3. The “devices” were placed in ten cities, and have been there for over two weeks. No other city managed to freak out and commit an entire platoon of police officers to scaring their own city claiming they might be bombs. No other mayor agreed to talk to Fox News with any statement beyond “no comment” when spending the day asking if this was a “terrorist dry run.”

4. There is nothing, not a single thing, remotely suggesting that Turner or the guerilla marketing firm they hired intended to cause a public disturbance. Many have claimed the signs were “like saying ‘fire’ in a crowded theater.” Wrong. This was like taping a picture of a fire to the wall of a theater and someone freaked out and called the fire department.

Fear and paranoia will cause people to behave bizarrely, and even foolishly.
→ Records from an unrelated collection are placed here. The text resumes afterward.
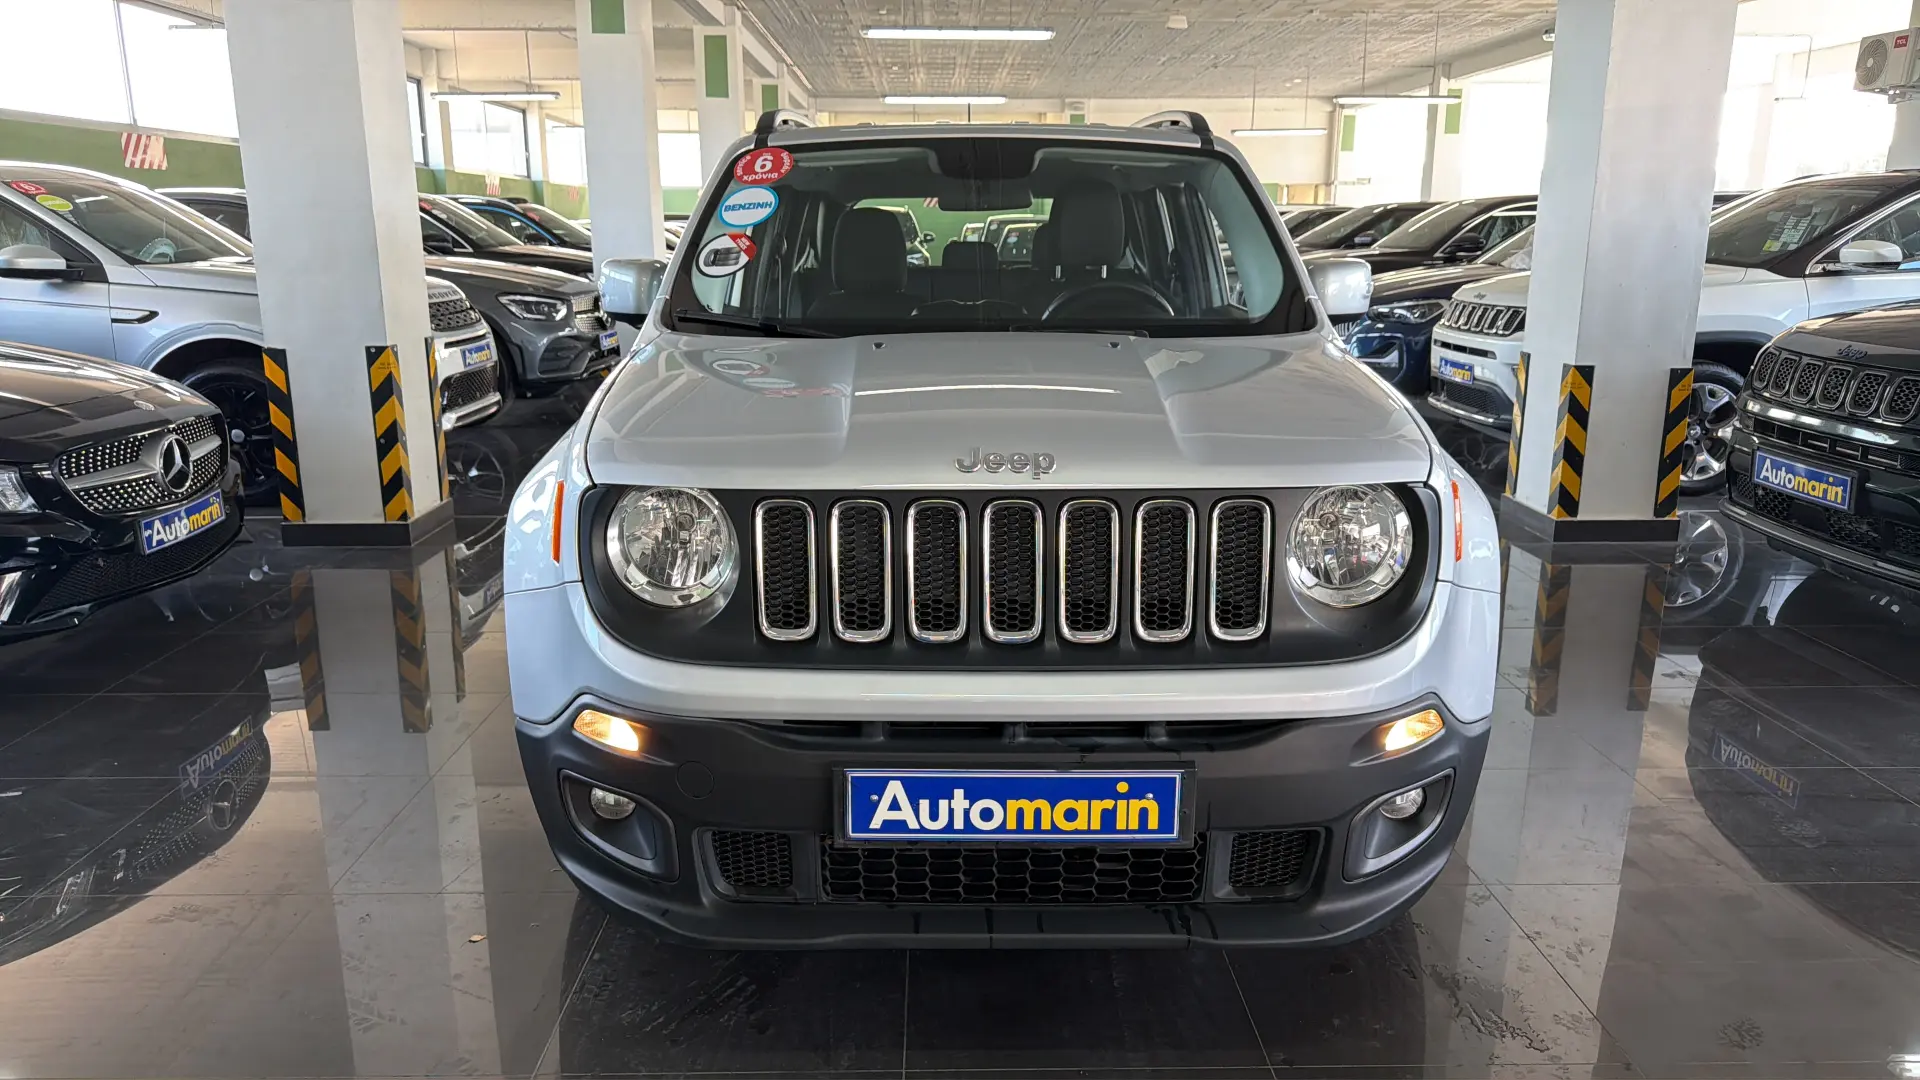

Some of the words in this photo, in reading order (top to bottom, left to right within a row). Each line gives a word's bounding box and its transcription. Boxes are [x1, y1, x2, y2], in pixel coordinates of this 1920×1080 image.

[737, 155, 751, 176] service
[742, 173, 778, 182] χρόνια
[754, 155, 774, 173] 6
[723, 201, 773, 212] ΒΕΝΖΙΝΗ
[953, 446, 1056, 480] Jeep
[1759, 458, 1843, 503] Automarin
[151, 496, 222, 547] Automarin
[869, 779, 1159, 831] Automarin
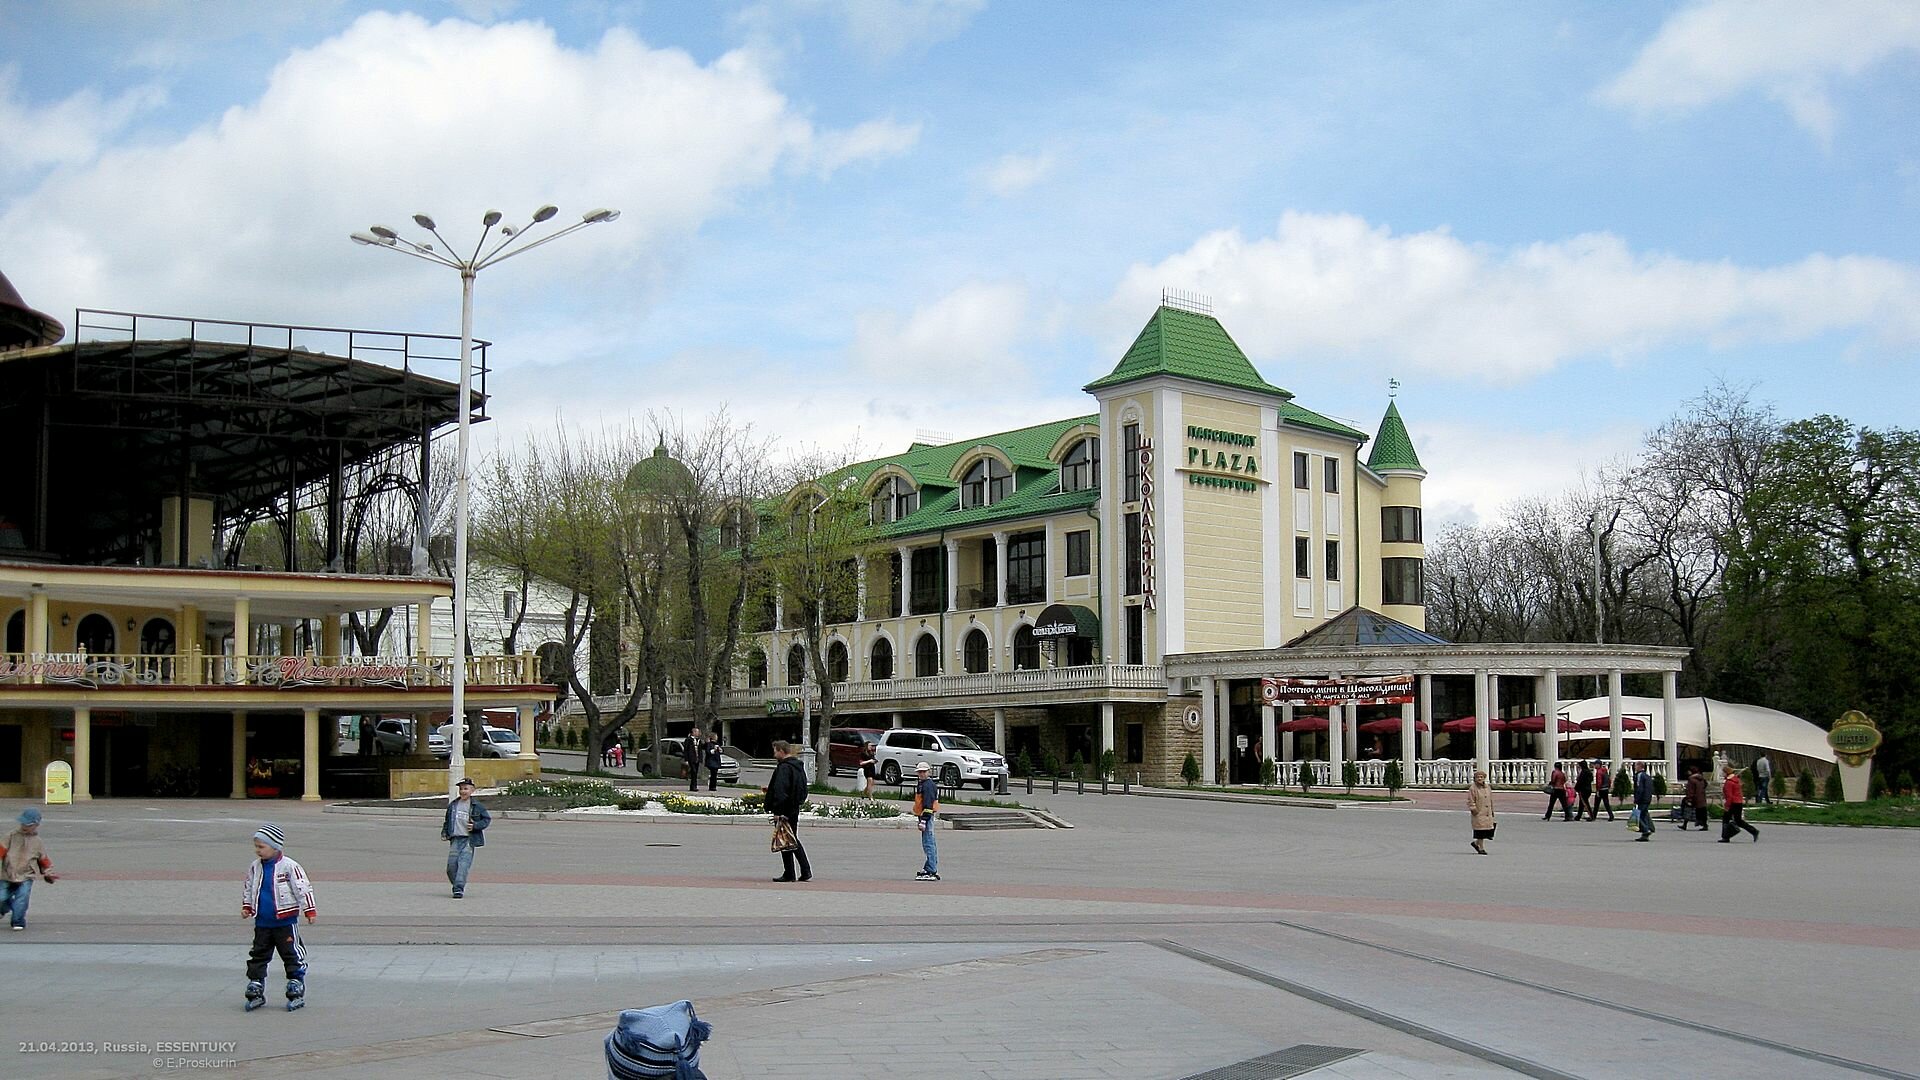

That’s understandable. What is not excusable is to blame and punish others for your behavior.

We should all regularly remind ourselves that the goal of terrorists is not necessarily to kill people. It is to cause terror and make people suspicious and to turn on each other out of fear and anger. Their work becomes much easier when we terrorize ourselves. I bet that terrorist groups around the world are giving themselves high fives over the Boston event.

POST SCRIPT: Political preferences and computer choice

I have noticed that the proportion of people who use Macs in academia seem to be greater than their market share of 5% or so. Now a blogger has found that about 15-25% of visitors to ‘liberal’ sites like DailyKos use the OS X operating system while only about 2-3% of visitors to ‘conservative’ sites like Instapundit use them. He has some theories as to why this might be so. It is amusing, not to be taken seriously.

I checked my own site out of curiosity for this year and found that 8% use Macs, 69% Windows, 4% Linux, and 19% are unknown.

Comments

  1. dave says

    “In this climate of deliberately created fear and paranoia….”

    I love how you insert phrases like this in the middle of your writings. As if this was fact.

    The reaction by the Boston officials was not due to any ‘deliberately created fear’ but rather due to the fact that they simply reacted poorly.

    This advertising gimmick was carried out in several other cities. New York, Los Angeles and Seattle also were part of the campaign. Yet, only the officials in Boston reacted in such a way.

    If the reaction was caused by some intentional campaign of fear by the federal government, we would have more of this type of reaction.

  2. Jeffrey Quick says

    Day late and a dollar short, Mano.
    Going after the performance artists is just an unfortunate necessity in the process of going after the deep pockets of Ted Turner. It may be more tragic, because they’re in less of a position to defend themselves. But it’s not in principle more unfair.
    And per your postscript: I wonder what percentage of self-defined libertarians are Mac users?